Task directions = The records below must be reproduced exactly. Strip out the pictures.

Saved data entries:
|---|

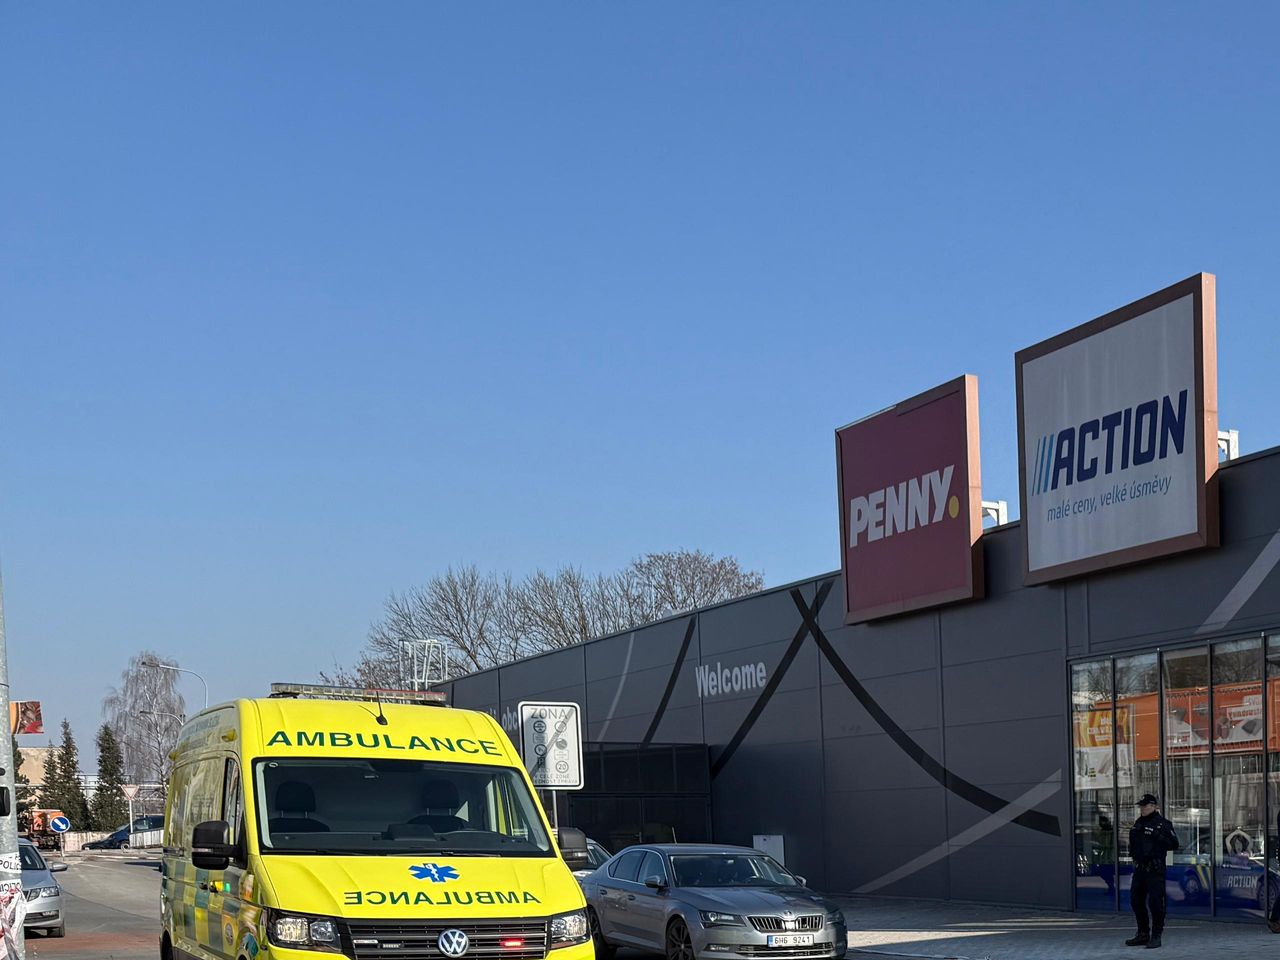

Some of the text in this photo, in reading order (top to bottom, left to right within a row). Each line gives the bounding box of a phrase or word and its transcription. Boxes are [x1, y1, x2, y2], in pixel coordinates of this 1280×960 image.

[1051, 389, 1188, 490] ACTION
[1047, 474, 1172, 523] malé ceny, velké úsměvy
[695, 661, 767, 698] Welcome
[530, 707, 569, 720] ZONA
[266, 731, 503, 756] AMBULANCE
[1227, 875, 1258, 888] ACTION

|---|

Output of the task =
Some of the text in this photo, in reading order (top to bottom, left to right within a row). Each line gives the bounding box of a phrase or word and its transcription. Boxes are [x1, y1, x2, y2], in pixel coordinates of this 1280×960 image.

[1051, 389, 1188, 490] ACTION
[1047, 474, 1172, 523] malé ceny, velké úsměvy
[695, 661, 767, 698] Welcome
[530, 707, 569, 720] ZONA
[266, 731, 503, 756] AMBULANCE
[1227, 875, 1258, 888] ACTION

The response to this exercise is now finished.